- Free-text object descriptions
────
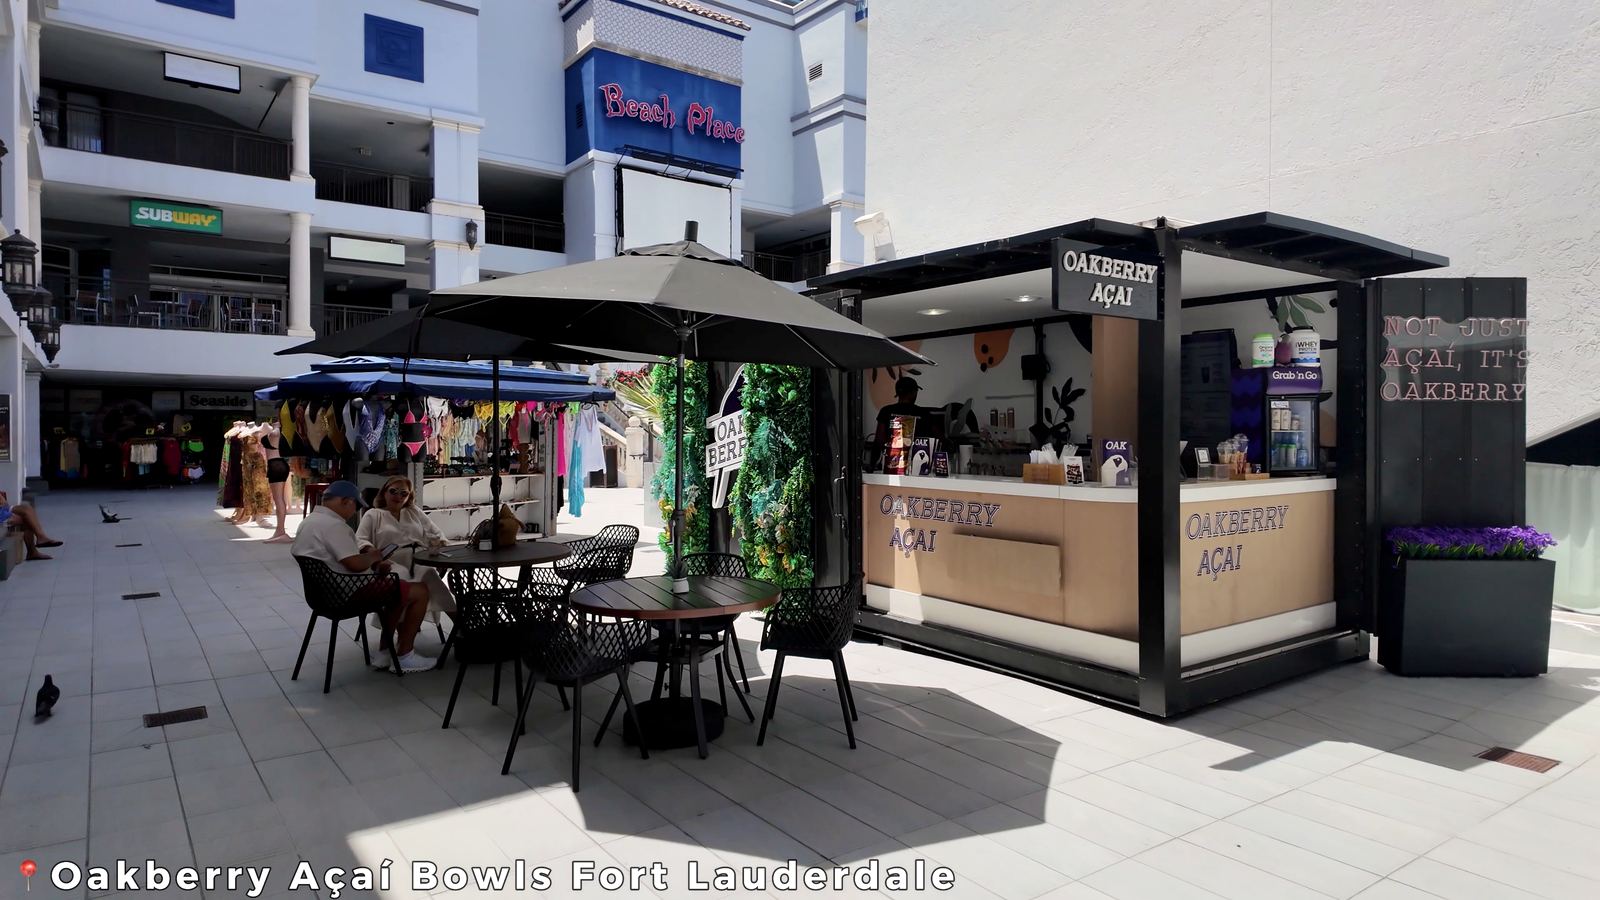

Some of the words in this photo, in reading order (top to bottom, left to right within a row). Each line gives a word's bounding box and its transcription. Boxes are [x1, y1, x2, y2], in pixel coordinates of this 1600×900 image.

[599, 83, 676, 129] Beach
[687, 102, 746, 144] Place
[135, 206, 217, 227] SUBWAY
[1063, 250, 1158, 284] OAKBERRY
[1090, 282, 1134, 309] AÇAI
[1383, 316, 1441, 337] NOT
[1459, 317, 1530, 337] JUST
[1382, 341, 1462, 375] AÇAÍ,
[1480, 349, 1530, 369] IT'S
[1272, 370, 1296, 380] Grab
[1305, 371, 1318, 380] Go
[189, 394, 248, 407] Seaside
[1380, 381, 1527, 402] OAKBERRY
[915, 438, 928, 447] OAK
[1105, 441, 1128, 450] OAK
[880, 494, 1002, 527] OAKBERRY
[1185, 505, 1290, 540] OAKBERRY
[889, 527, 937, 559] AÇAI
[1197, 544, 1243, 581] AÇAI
────
- What to work on
Copy every entry exactly; drop the pictures.

- Your solution
Some of the words in this photo, in reading order (top to bottom, left to right within a row). Each line gives a word's bounding box and its transcription. Boxes are [x1, y1, x2, y2], in pixel coordinates of this 1600×900 image.

[599, 83, 676, 129] Beach
[687, 102, 746, 144] Place
[135, 206, 217, 227] SUBWAY
[1063, 250, 1158, 284] OAKBERRY
[1090, 282, 1134, 309] AÇAI
[1383, 316, 1441, 337] NOT
[1459, 317, 1530, 337] JUST
[1382, 341, 1462, 375] AÇAÍ,
[1480, 349, 1530, 369] IT'S
[1272, 370, 1296, 380] Grab
[1305, 371, 1318, 380] Go
[189, 394, 248, 407] Seaside
[1380, 381, 1527, 402] OAKBERRY
[915, 438, 928, 447] OAK
[1105, 441, 1128, 450] OAK
[880, 494, 1002, 527] OAKBERRY
[1185, 505, 1290, 540] OAKBERRY
[889, 527, 937, 559] AÇAI
[1197, 544, 1243, 581] AÇAI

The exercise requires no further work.